La mobilisation permanente du mouvement citoyen amazigh du Maroc a cependant fini par décider le roi Mohamed VI à déclarer en juillet 2001, que l’identité amazighe était une « richesse nationale » et qu’un Institut royal de la culture amazighe (Ircam) serait créé afin d’assurer « la promotion de la culture amazighe (…), la conception, la préparation et le suivi du processus d’intégration de l’Amazigh dans le système de l’enseignement (…), et de proposer les politiques appropriées qui sont de nature à renforcer la place de l’Amazigh dans l’espace socio-culturel et médiatique national, ainsi que dans les affaires locales et régionales ». Si ce discours pouvait légitimement susciter à l’époque un espoir de réconciliation du Maroc avec son histoire et son identité amazighes, quatre ans après on constate que le référentiel idéologique de l’État demeure inchangé et les discriminations anti-amazighes demeurent la règle à tous les niveaux institutionnels. Le pays demeure soumis exclusivement à une langue unique, une religion unique, une culture unique et finalement une identité arabo-islamique unique. Ce qui laisse en situation de conflit et de déséquilibre permanents la composante amazighe du Maroc.

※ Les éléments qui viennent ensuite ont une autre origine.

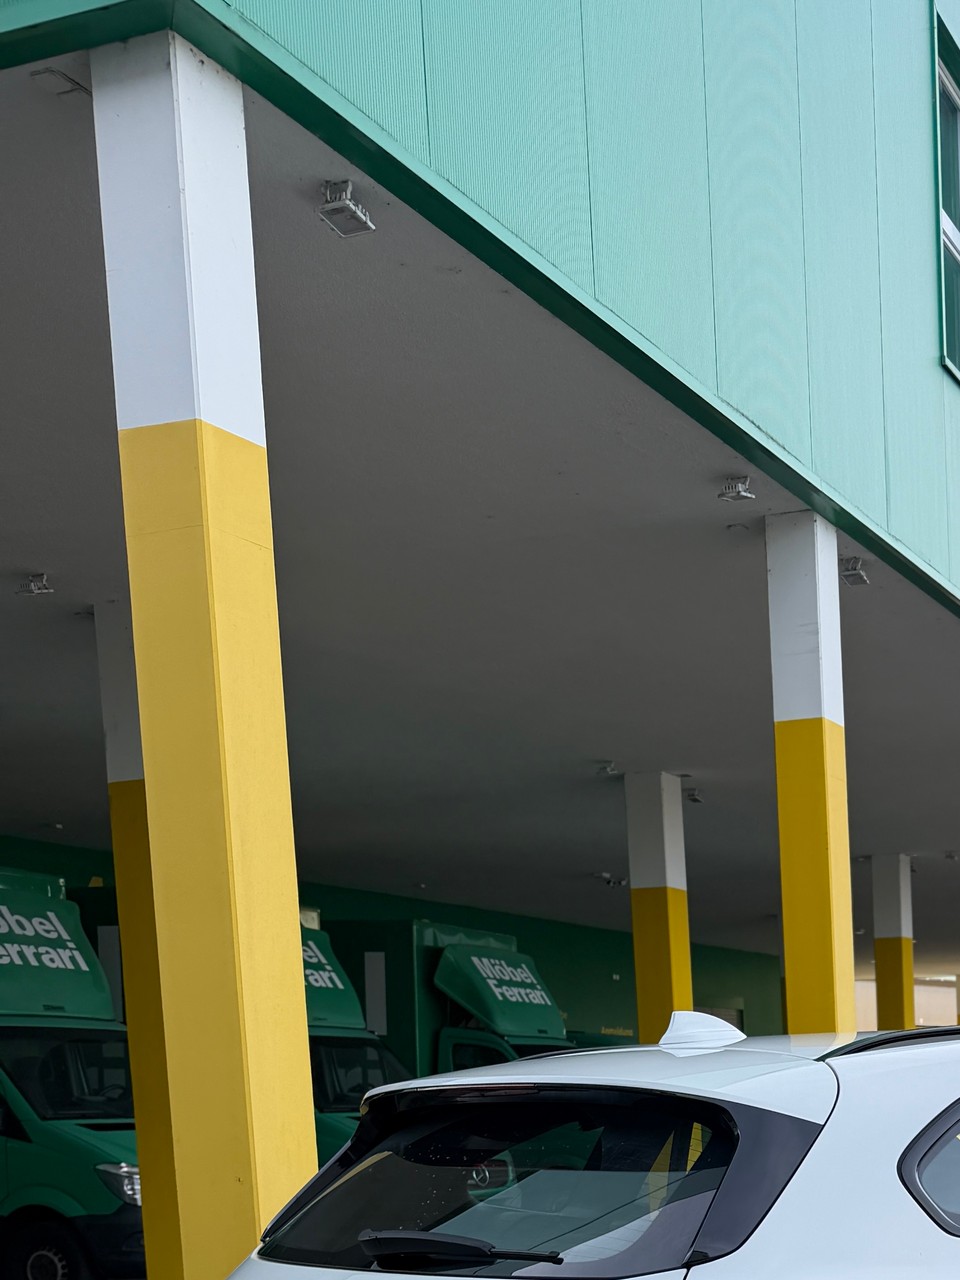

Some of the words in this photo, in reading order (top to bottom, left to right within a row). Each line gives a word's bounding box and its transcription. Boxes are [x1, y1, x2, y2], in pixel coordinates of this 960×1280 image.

De ce fait, les implications de ce déséquilibre apparaissent directement sur le plan de la définition juridique et politique de la vie publique.
La Constitution, ainsi que les autres textes du droit national, ignorent totalement la valeur historique et sociologique de la langue et culture amazighes. Ce qui explique et « légalise » l’absence de la dimension amazighe dans toutes les institutions politiques, sociales, culturelles et économiques publiques et privées telles que l’école, l’université, les tribunaux, les chaînes de télévision publiques, l’administration territoriale, etc.
Le phénomène de détérioration des acquis civilisationnels amazighs est incroyablement accéléré à cause de l’arabisation : cela va des interdits frappant l’expression culturelle amazighe, la falsification des faits historiques, l’arabisation de la toponymie, de l’administration, de la justice, de l’enseignement et des grands médias audio-visuels, etc. La domination de l’espace public par l’arabe, langue officielle, renforcée par le dahir sur l’arabisation du 26/01/1965, a créé des situations gravement préjudiciables pour les Amazighs dans leur vie sociale et a contribué à l’amplification de ce sentiment d’infériorité vis-à-vis de la langue arabe, langue de la religion et des institutions.
De fait, Tamazight est mise hors du Droit, confinée dans l’espace privé et présentée de manière à la fois fausse, folklorique et raciste, comme un obstacle au développement du pays.
Le gouvernement marocain face à ses obligations internationales en matière de respect des droits humains
Notons tout d’abord les récentes observations et recommandations du Comité des Nations Unies pour l’élimination de la discrimination raciale (CERD), réuni à l’occasion de sa 62e session, du 3 au 21 mars 2003 à Genève :
Le Comité invite l’État partie à lui fournir dans son prochain rapport des renseignements sur la mise en œuvre des nouvelles dispositions du Code des Libertés Publiques relatives au droit d’association prévoyant le caractère illégal de toute association incitant à la discrimination raciale, et du Code de la Presse sanctionnant l’incitation à la discrimination raciale, conformément aux dispositions de l’article 4.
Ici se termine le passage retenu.